§ **ENTRIES SHOWN**
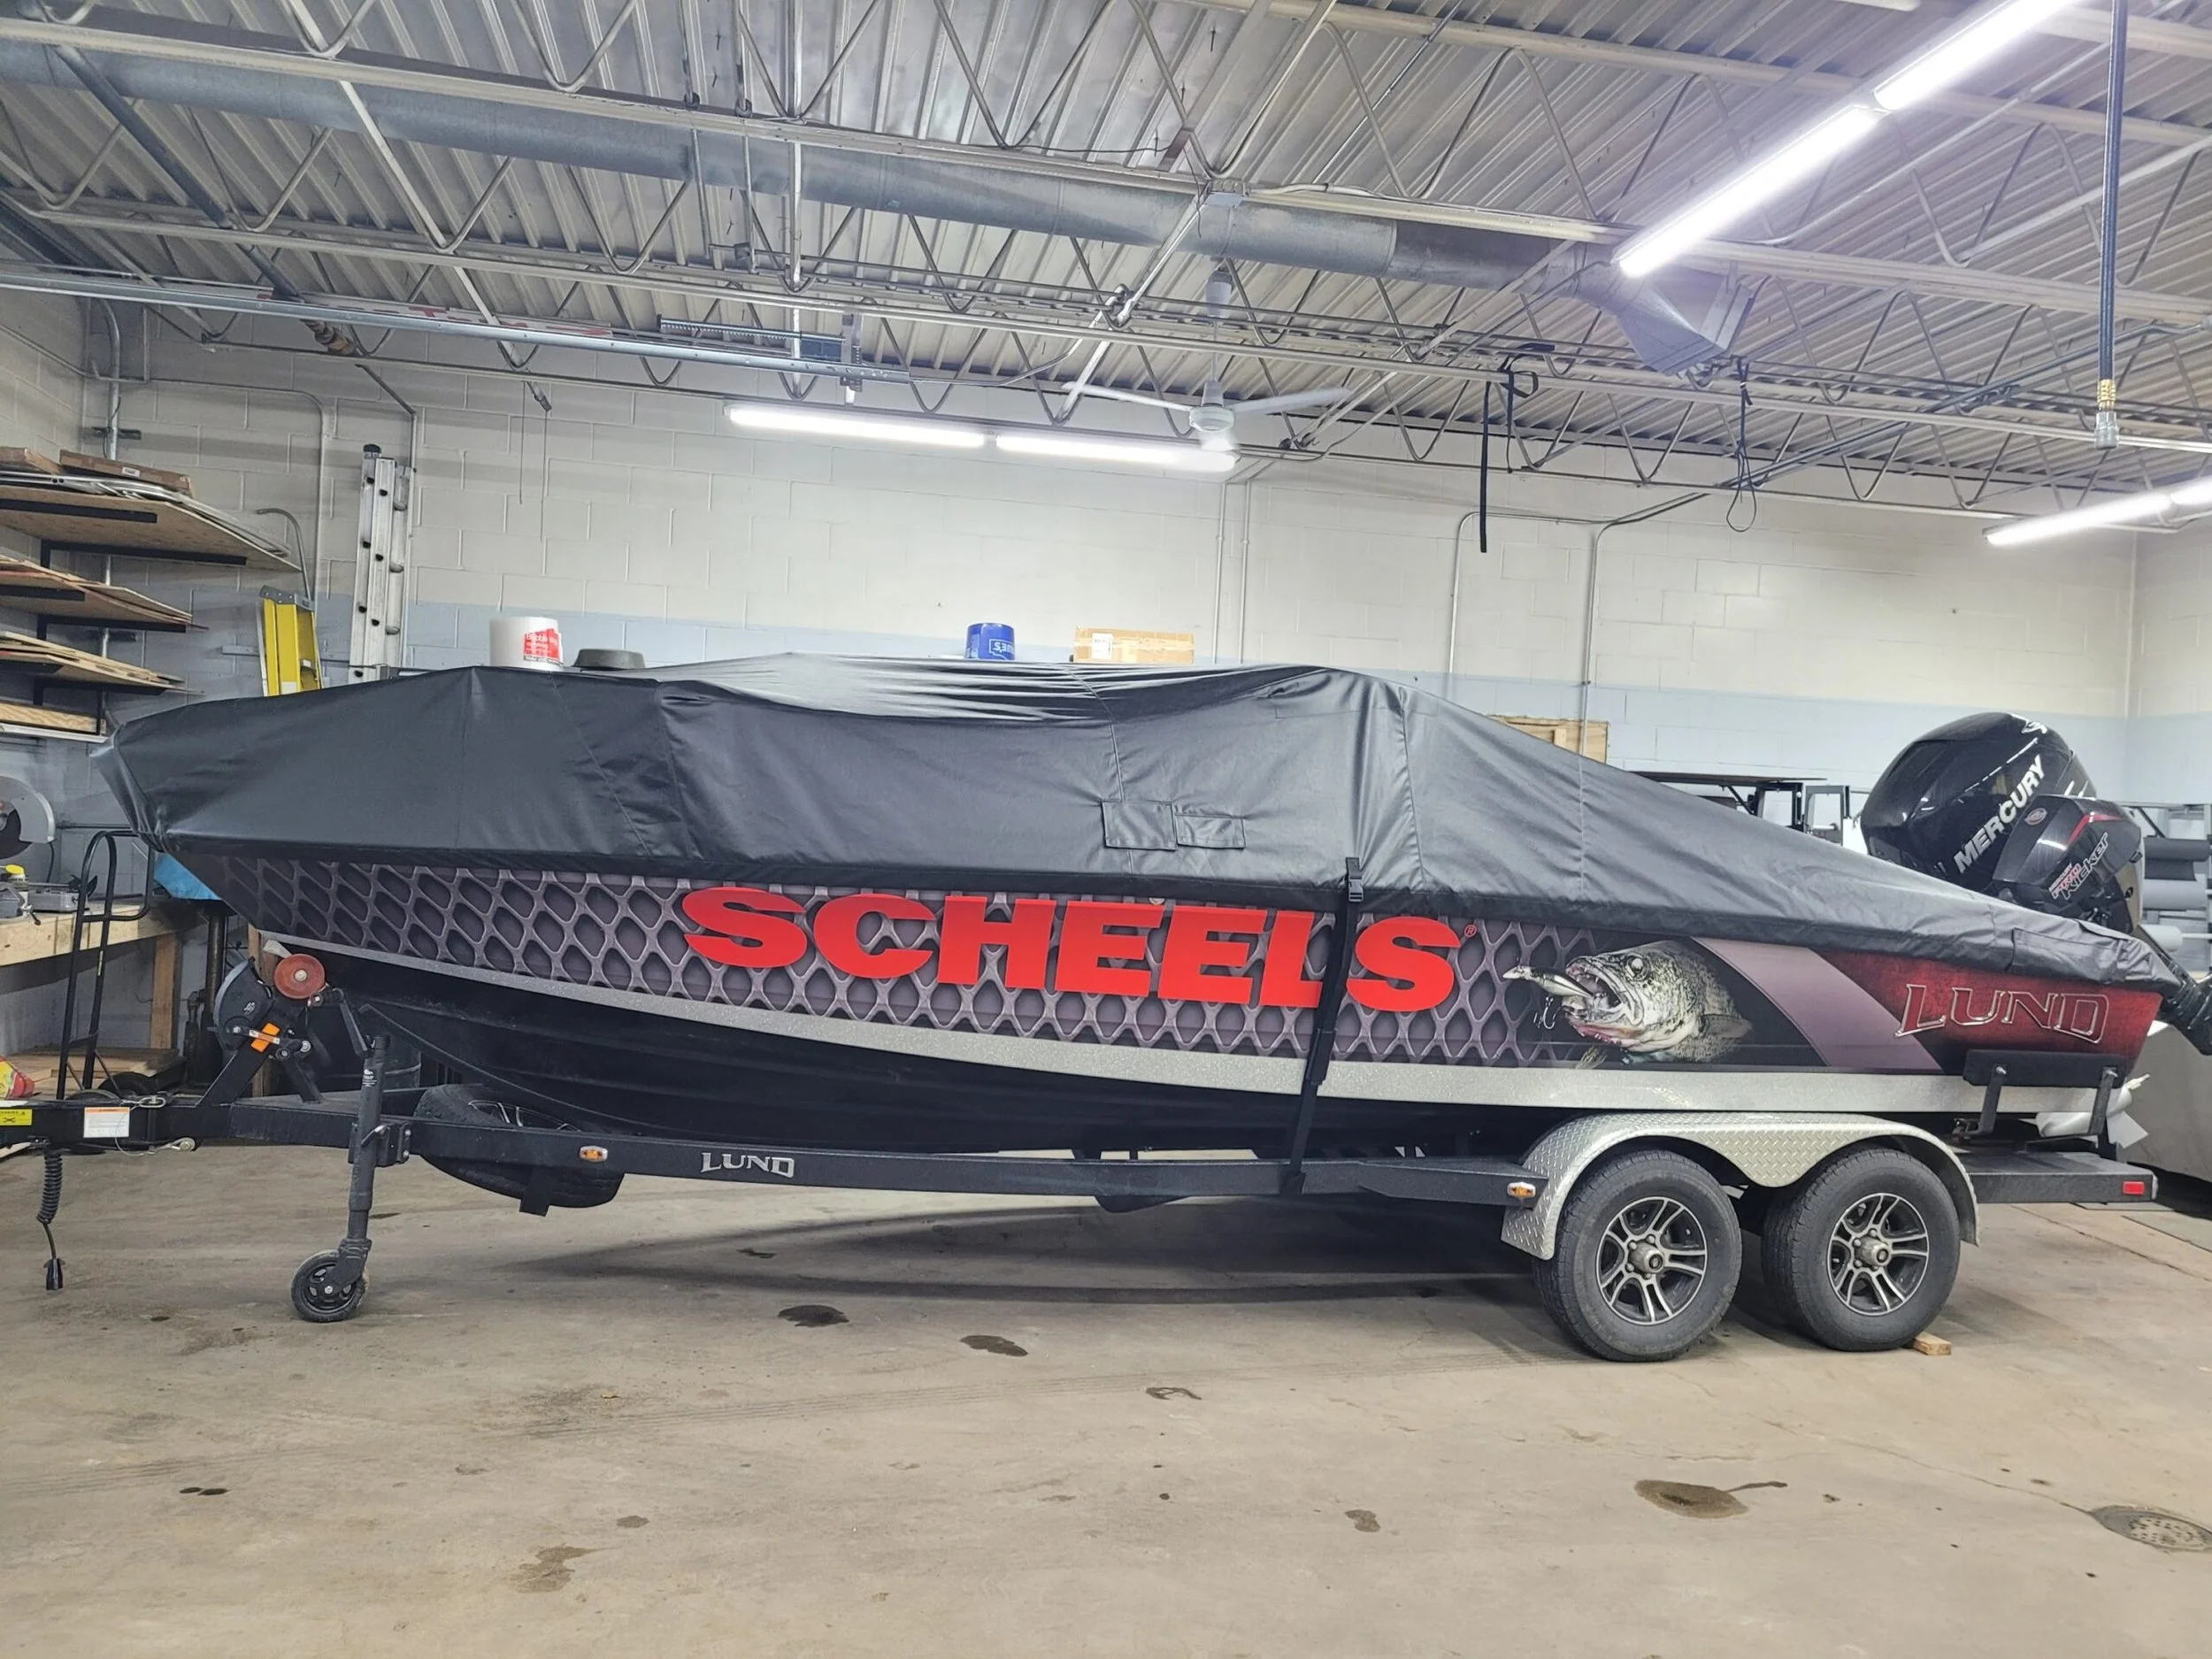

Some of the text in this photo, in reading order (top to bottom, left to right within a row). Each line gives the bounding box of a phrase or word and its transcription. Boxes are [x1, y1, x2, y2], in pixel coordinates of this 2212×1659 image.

[1954, 754, 2045, 874] MERCURY
[682, 887, 1459, 1011] SCHEELS
[1895, 984, 2109, 1043] LUND
[701, 1152, 795, 1178] LUND
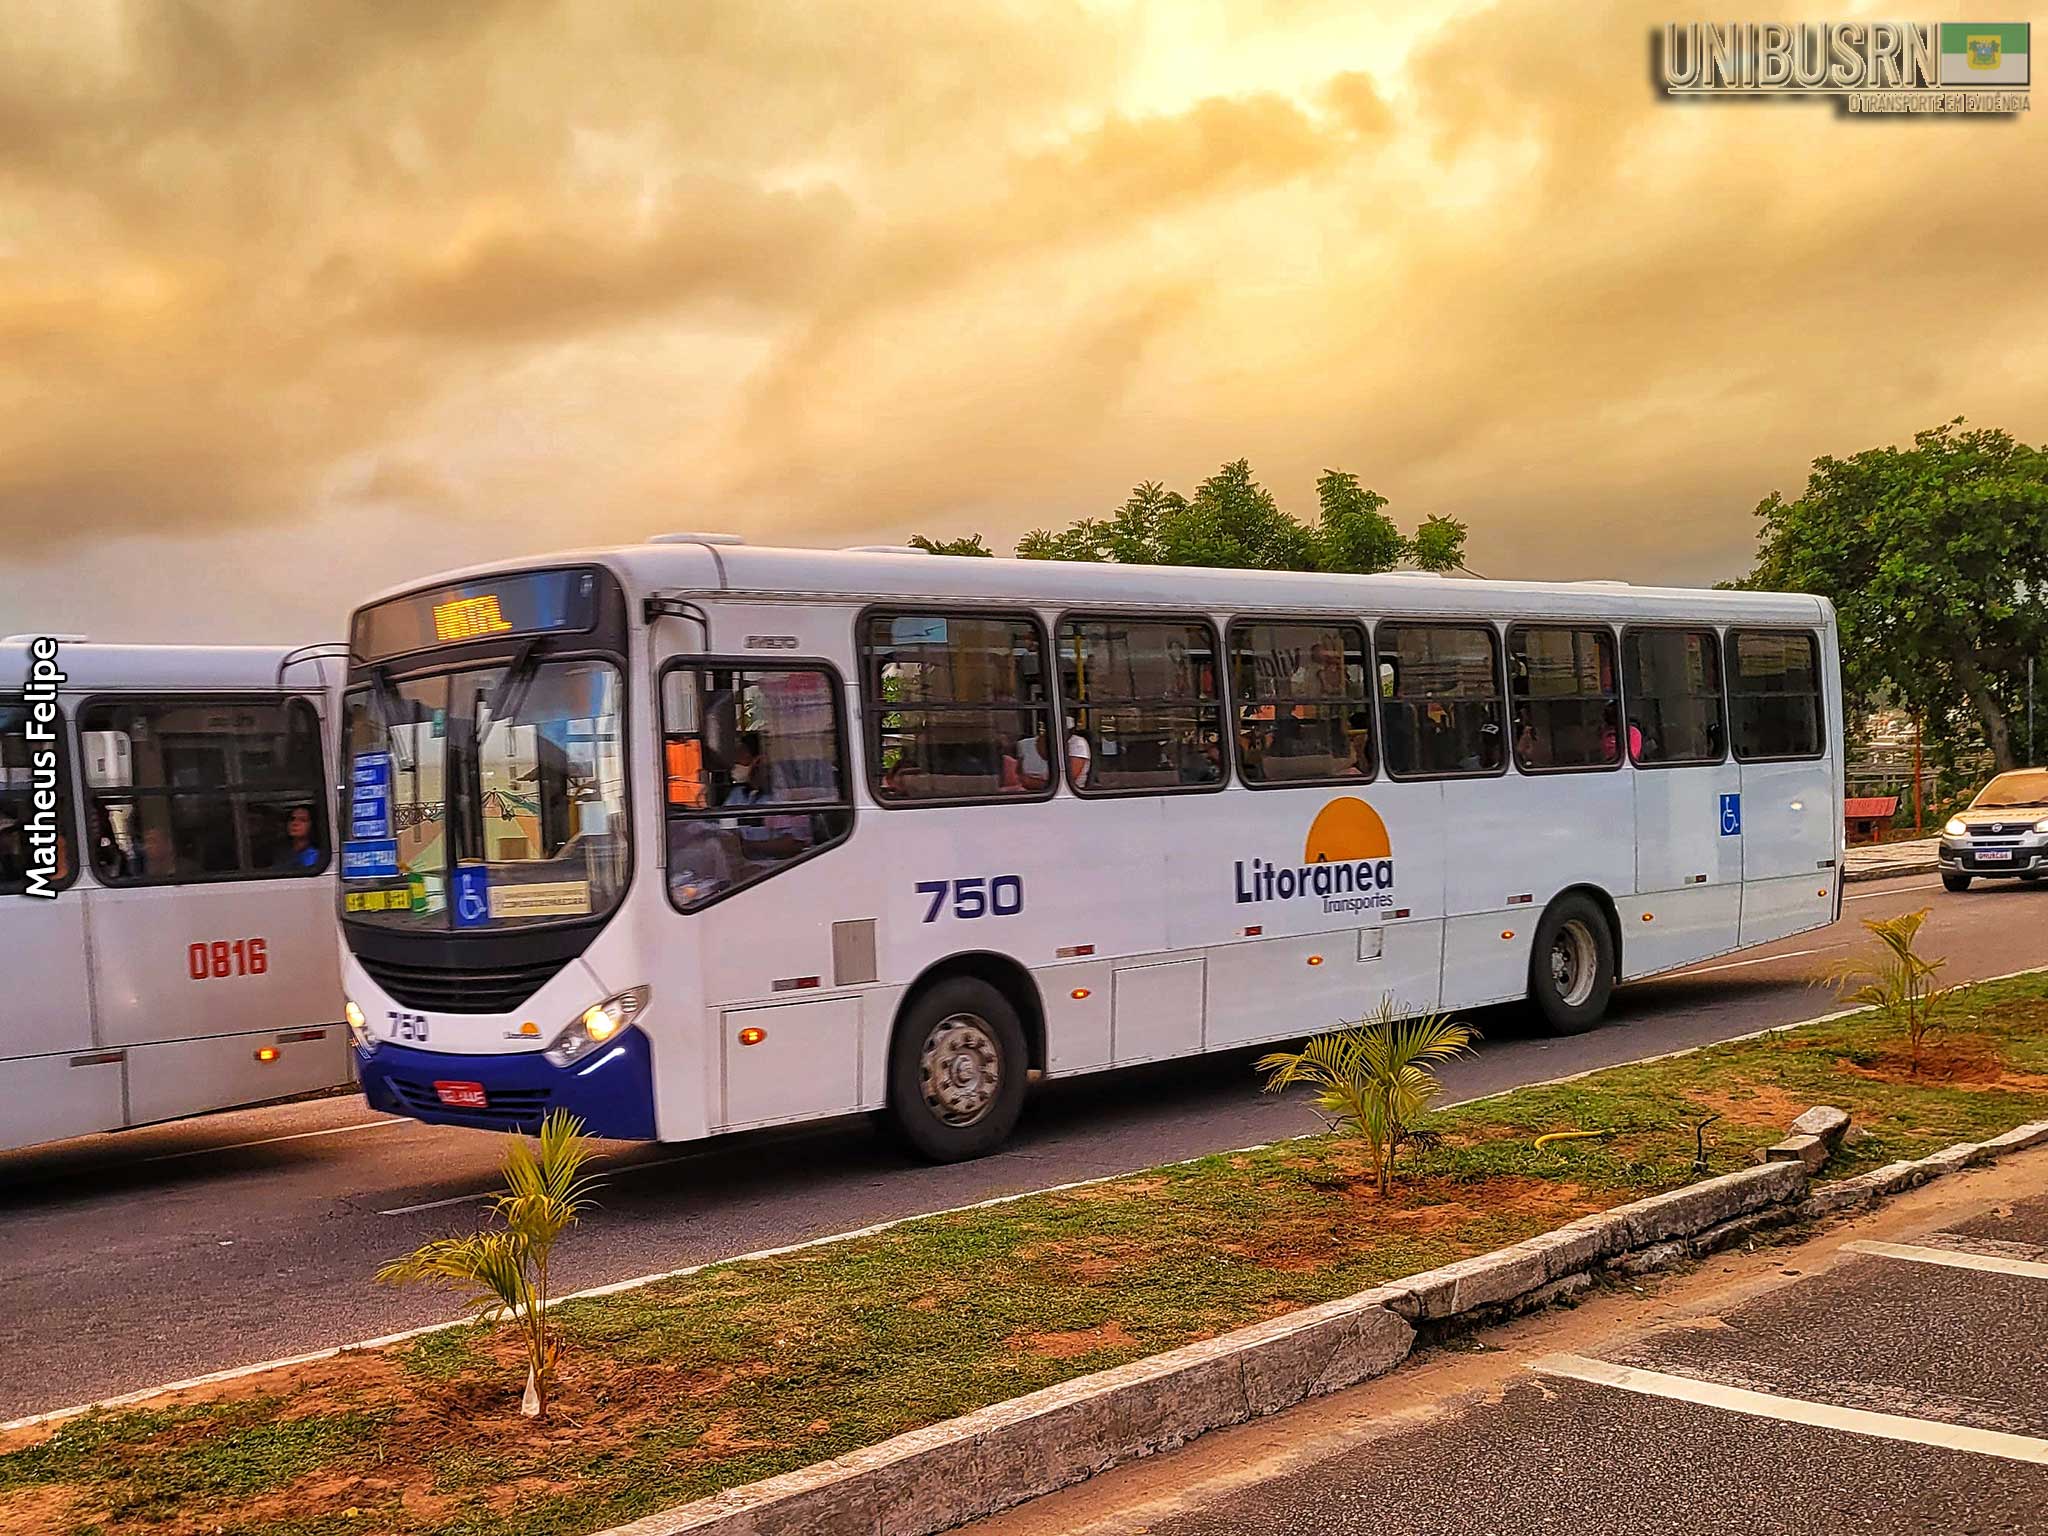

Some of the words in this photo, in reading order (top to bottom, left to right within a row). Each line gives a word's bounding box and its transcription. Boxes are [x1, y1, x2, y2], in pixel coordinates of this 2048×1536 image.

[915, 874, 1024, 923] 750
[1235, 852, 1395, 904] Litorânea
[1322, 892, 1394, 915] Transportes
[189, 938, 267, 979] 0816
[386, 1011, 429, 1042] 750

§ **DIRECTIONS FOR THIS TASK**
Omit every image. Quote each record exactly.

§ **RESULT**
Some of the text in this photo, in reading order (top to bottom, left to right within a row). Each line gives the bounding box of a phrase or word and its transcription. Boxes are [x1, y1, x2, y2], in pixel coordinates of this 2212×1659 image.

[1954, 754, 2045, 874] MERCURY
[682, 887, 1459, 1011] SCHEELS
[1895, 984, 2109, 1043] LUND
[701, 1152, 795, 1178] LUND

Some of the words in this photo, in reading order (top to bottom, left to right within a row). Each line gives a word's bounding box and its transcription. Boxes are [x1, y1, x2, y2], in pixel coordinates of this 2048×1536 image.

[915, 874, 1024, 923] 750
[1235, 852, 1395, 904] Litorânea
[1322, 892, 1394, 915] Transportes
[189, 938, 267, 979] 0816
[386, 1011, 429, 1042] 750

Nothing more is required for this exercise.